25/02/2011
CONTES ET LÉGENDES DES ALPES MARITIMES : «L'ELDORADO» D’ARGENTON A AURENT…
La vallée de l'oret de l'argent, perdue au milieu de deux chaînes de montagnes culminant à plus de deux mille mètres d'altitude sur les confins sauvages des Alpes Maritimes et des Alpes de Haute Provence, n'est fréquentée que par quelques rares bergers solitaires y poussant leurs troupeaux transhumants. Ce vaste canyon désolé, où serpente un mince filet d'eau gonflé seulement par les orages d'été, aboutit au village abandonné d ' Aurent (le pays de l'or des Romains), plus bas sur sa rive, s'accroche le hameau d'Argenton à l'étymologie évidente, où vivent encore trois ou quatre habitants.
Sur les cartes géographiques cette combe hostile s'étire parallèlement à la haute vallée du Var sur une trentaine de kilomètres, baptisée tour à tour vallon des Pasqueires, puis ravin de Grosse Plane, pour devenir enfin près d ' Annot le Coulomp et bifurquer pour rejoindre le Var à Pont de Gueydan.
Pour atteindre Aurent point de route carrossable, seule une piste au départ du col de Fa accessible depuis la vallée du Var; Argenton est toutaussi isolé puisque ne pouvant être rejoint que par le village de Méailles, au-dessus d'Annot.
Cette vallée à son début traverse un paysage de planète morte, jadis recouvert de vastes forêts comme l'attestent des textes du Moyen Age.

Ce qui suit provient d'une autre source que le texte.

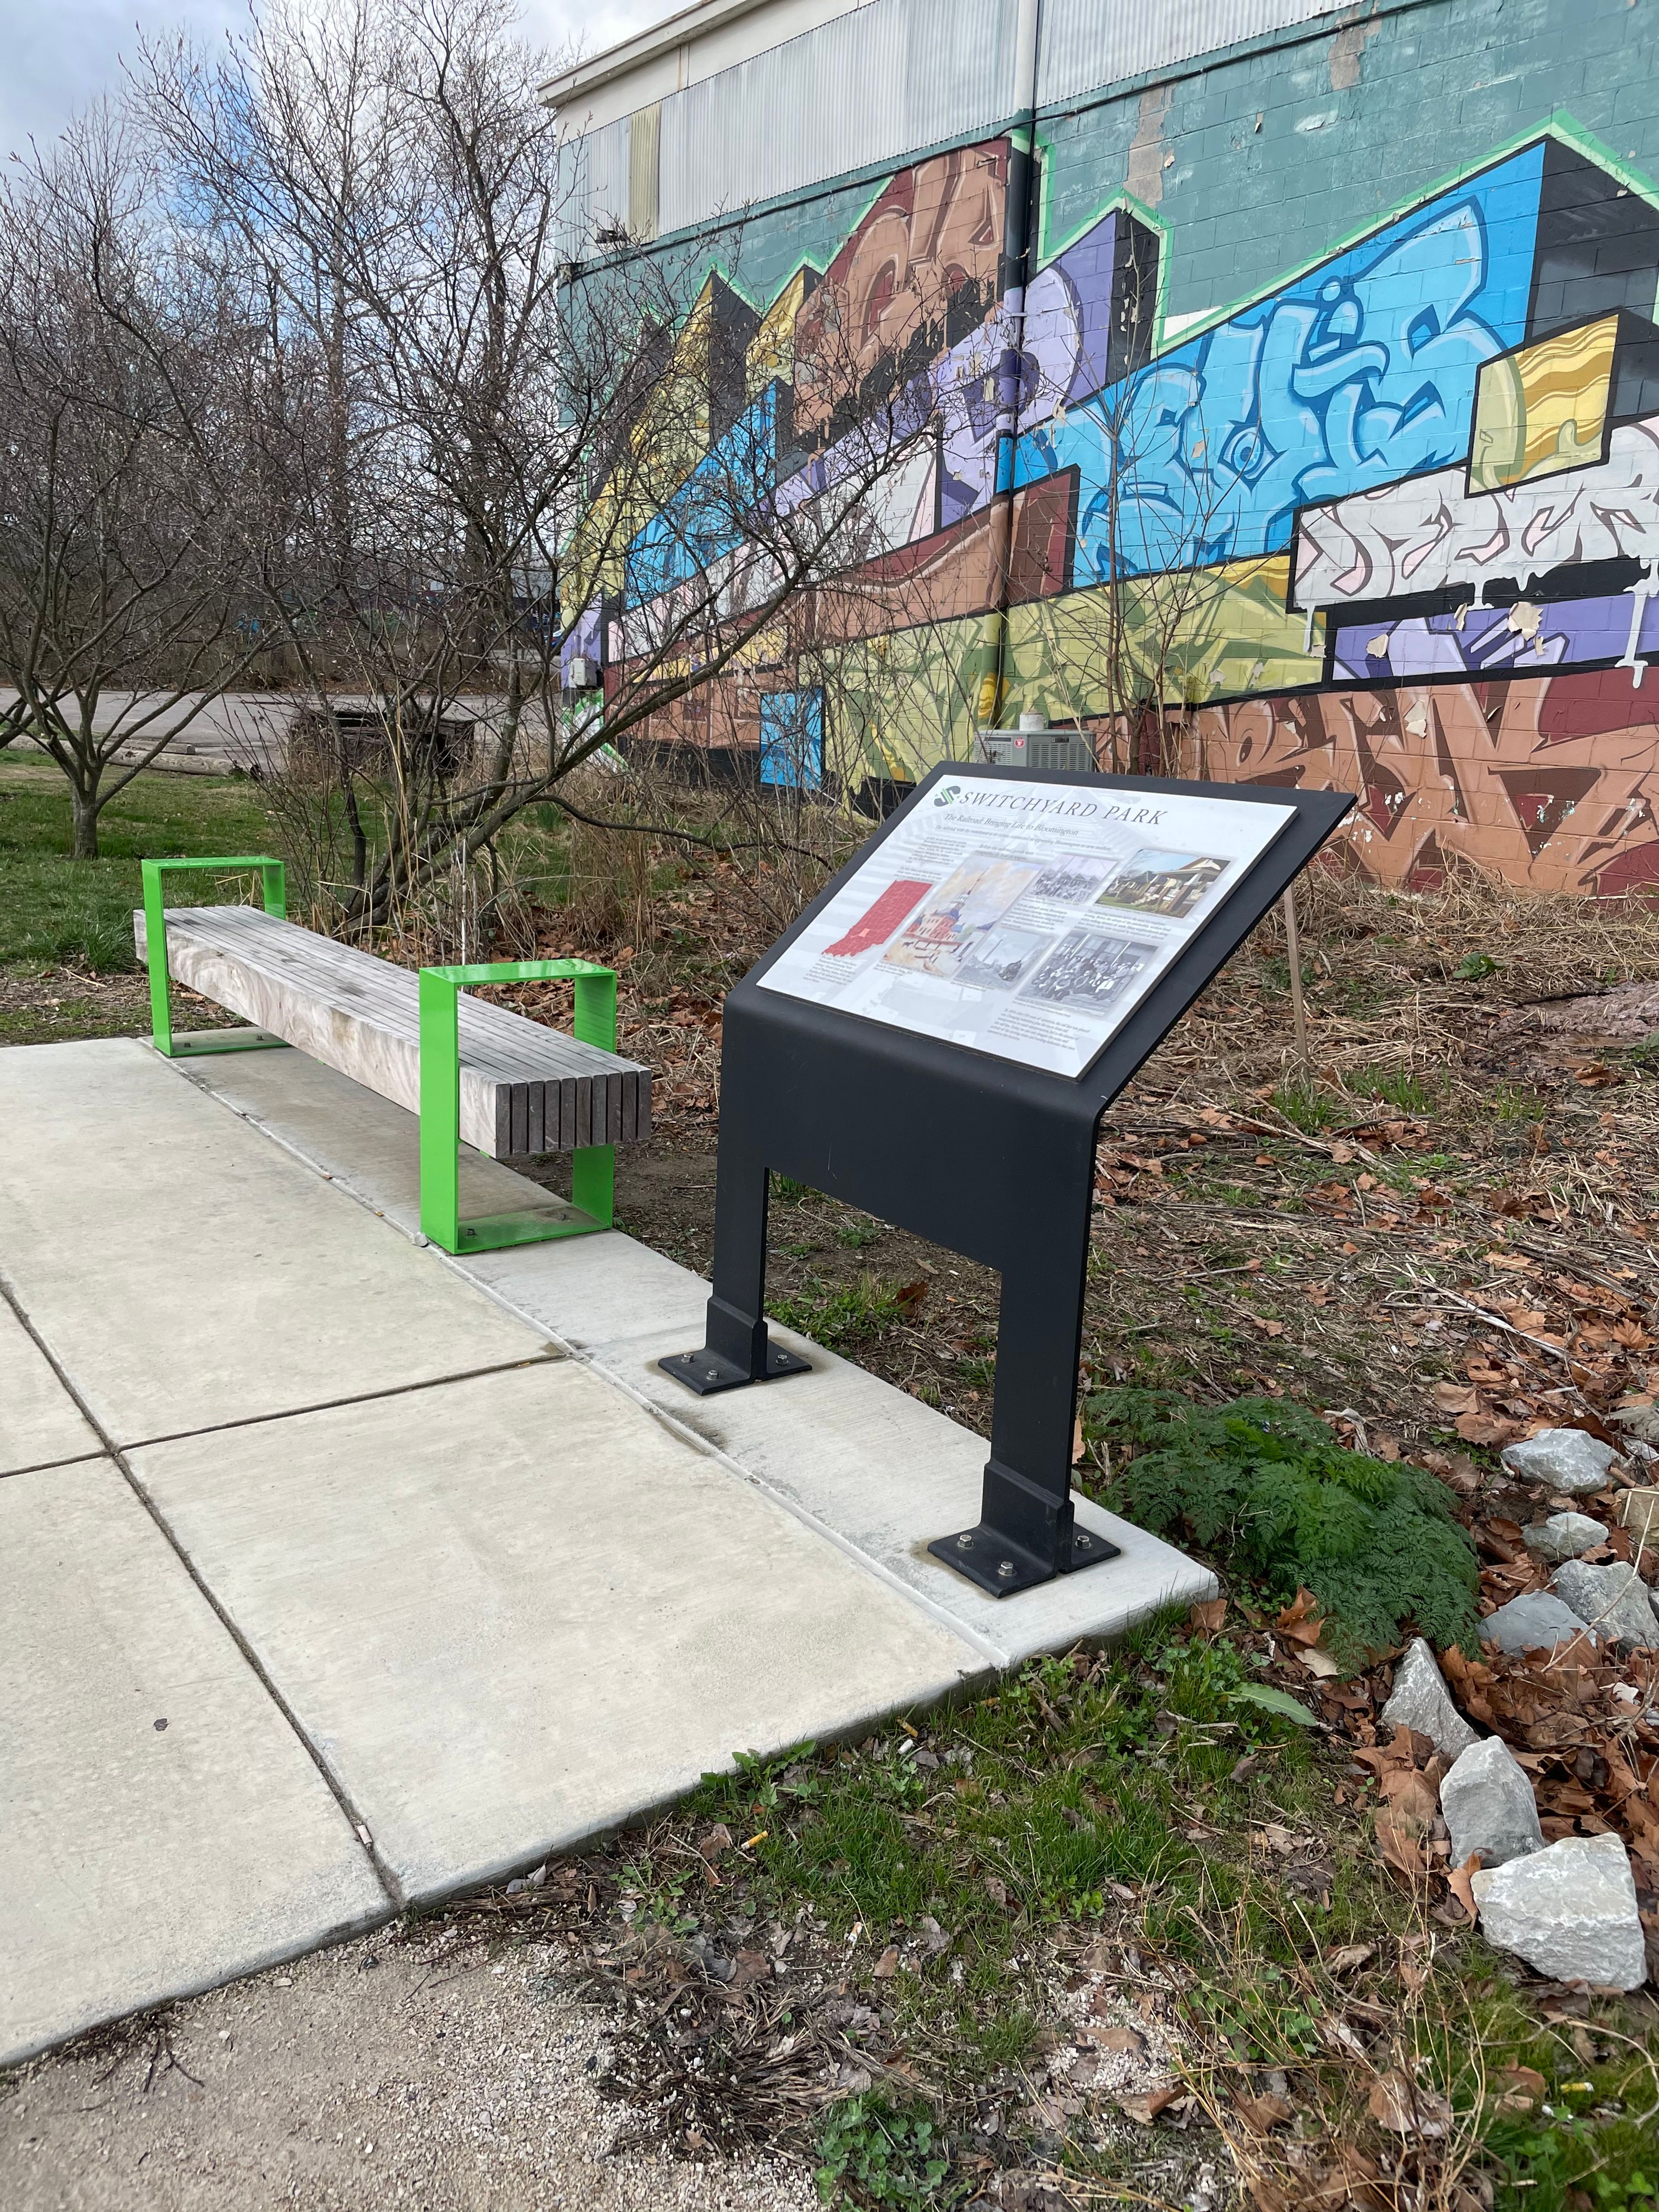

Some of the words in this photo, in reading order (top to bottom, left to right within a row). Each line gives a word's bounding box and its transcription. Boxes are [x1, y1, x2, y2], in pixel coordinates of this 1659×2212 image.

Terre de confins entre le Royaume de France et les Etats de Savoie, «l'Eldorado» à cause de ses richesses fut disputé durant des siècles par les communes environnantes pour aboutir enfin à un statut très particulier.
La montagne de Pasqueires, où naît la vallée, voisine avec les territoires de Colmars, Castellet, Sauze, St Martin et Villeneuve d'Entraunes. Elle était au XVème siècle couverte de pâquis (pâturages), de bois touffus de sapins et de beaux mélèzes. Les pâturages seuls rapportaient parfois 300 livres. D'abord propriété de Valle-Clusa et de Pierre de Léone, elle fut achetée le Comte de Savoie et louée en emphytéose à la commune de Villeneuve in perpétuum. S'il est par admis que les Ligures, premiers habitants des lieux, retiraient du minerai d'argent au bas de la vallée, la tradition veut que l'or soit également présent dans les limons charriés par les eaux temporaires du vallon. Ainsi apparaît le double intérêt de cette terre offrant ses ressources sur et sous le sol.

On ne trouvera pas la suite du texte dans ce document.